From the beginning of Dick’s short story, ambiguity reigns. Has Quail been to REKAL’s offices already? Is he in fact already a secret agent being controlled by REKAL, or is this just part of a carefully constructed fantasy too?

Paul Verhoeven’s 1990 film adaptation of We Can Remember It For You Wholesale, Total Recall, picks up the initial concept and runs with it. Dick’s story remains only in essence, but in essence it is always there. Changes were made: Doug Quail becomes Doug Quaid, presumably because Quaid (like the actor Dennis Quaid) was a cooler name than Quail which in 1990 would have reminded people of the much mocked US Vice President, Dan Quayle.

Schwarzenegger’s hero now also becomes a construction worker, doubtless in recognition of Arnie’s unusually muscular physique. Yet even the notion of Arnie as a loser (or more accurately as the sort of ordinary Joe he appears to be at the start of the film) still takes a bit of swallowing, particularly as he’s married to someone who looks like Sharon Stone.

The film had a long gestation period with actors as diverse as Richard Dreyfus, Patrick Swayze and William Hurt all being considered for the lead role before Schwarzenegger stepped in and hired Verhoeven. The source material was not obvious cinematic gold either, being one one of 120 Philip K Dick short stories. The only significant previous Dick adaptation was Blade Runner, at that point still considered a flop whose reputation was only slowly starting to rise. It is easy to see why filmmakers might have been wary.

The end result is less cerebral than the short story. Packed with action, violence, special effects and typical Schwarzenegger one liners. “Consider this a divorce!” is memorably uttered, seconds before Quaid guns down his wife, or perhaps ‘wife’). Total Recall was in contention to be one of the most expensive films ever made up until that point, and it went on to be a smash hit at the box office.
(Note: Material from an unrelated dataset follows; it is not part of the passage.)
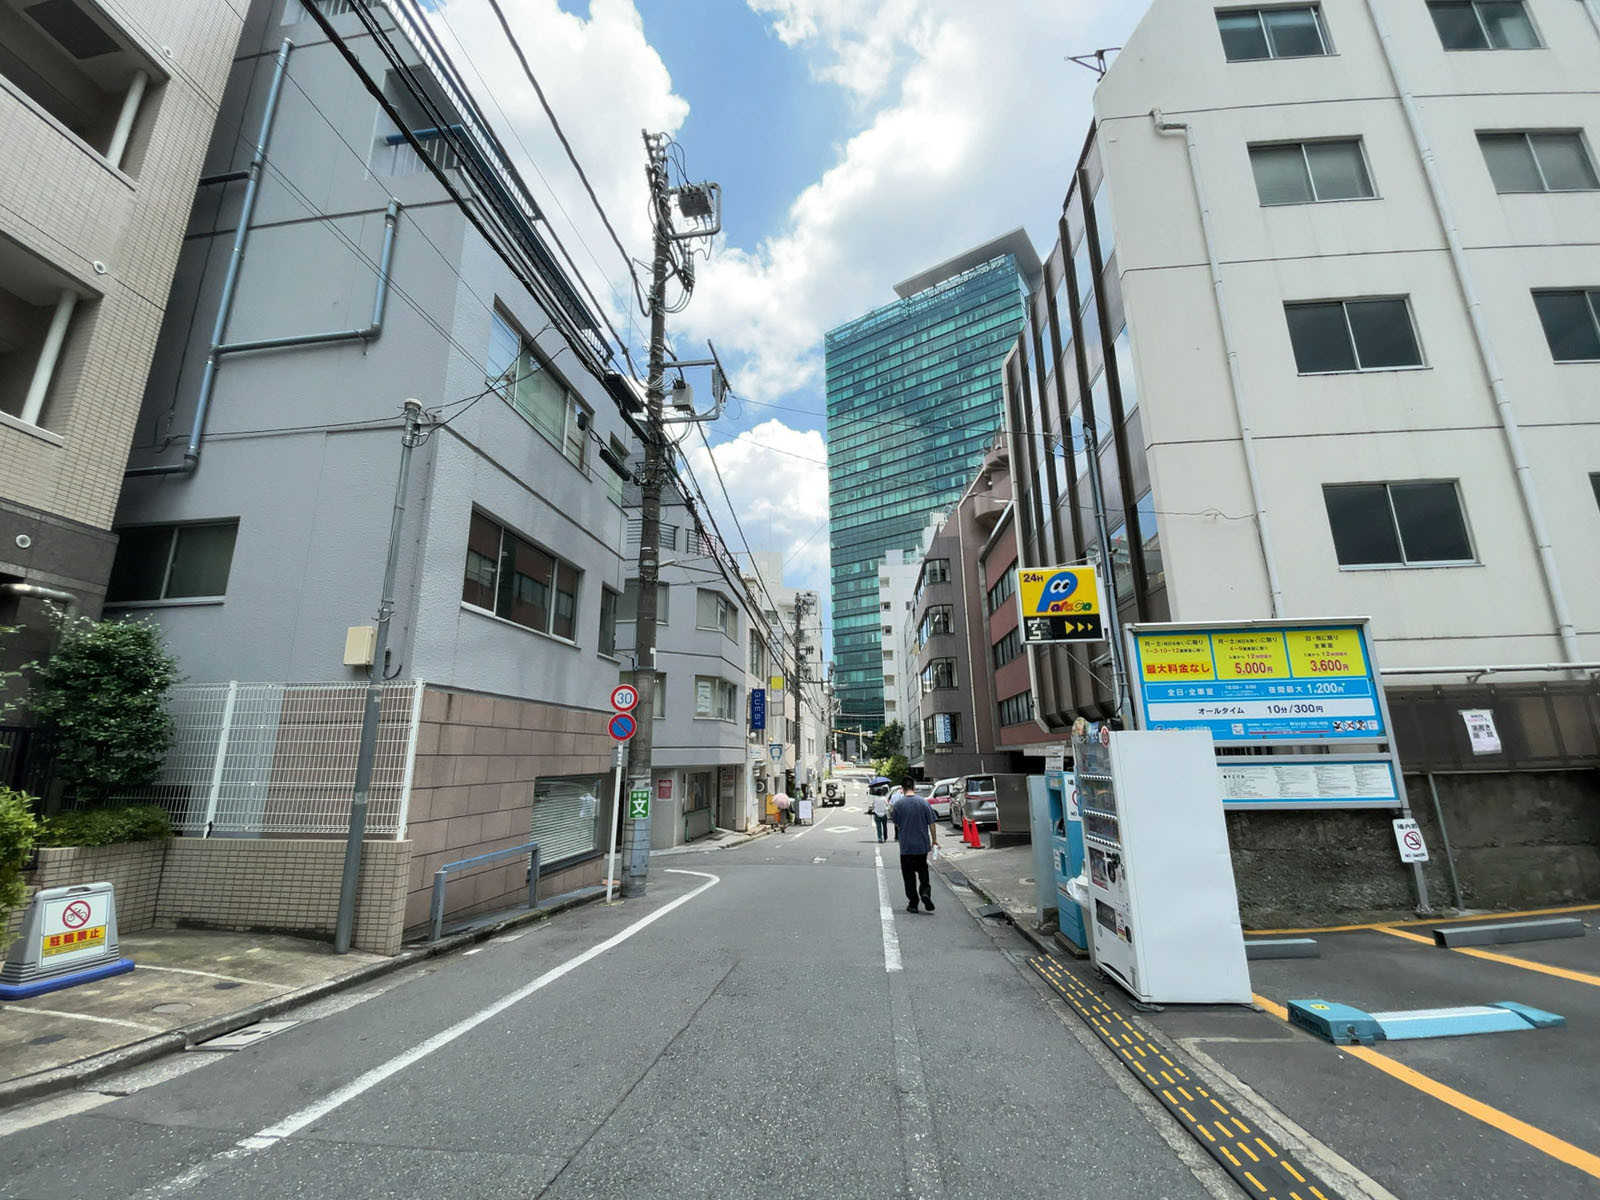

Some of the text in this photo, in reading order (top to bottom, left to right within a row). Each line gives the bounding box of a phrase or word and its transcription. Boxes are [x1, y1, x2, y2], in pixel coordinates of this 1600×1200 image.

Although I would be wary of advising any readers to type the words “Dick films biggest gross” into a search engine to check this, it is a fact that on inflation-adjusted figures, Total Recall is the biggest commercial success from Dick’s oeuvre, surpassing that of Spielberg’s Minority Report in the following decade.

For like Verhoeven’s later sci-fi based on Robert Heinlein’s book Starship Troopers (1999), or if you’re a fan of politician Boris Johnson, Total Recall manages the clever trick of being both silly and clever at the same time. While it seems likely the intelligence underlying the film was lost on many viewers who just saw it as an Arnie shoot-’em-up set on Mars, both the film and the story tap into a long standing Dick preoccupation: the idea that there is another reality underlying our own.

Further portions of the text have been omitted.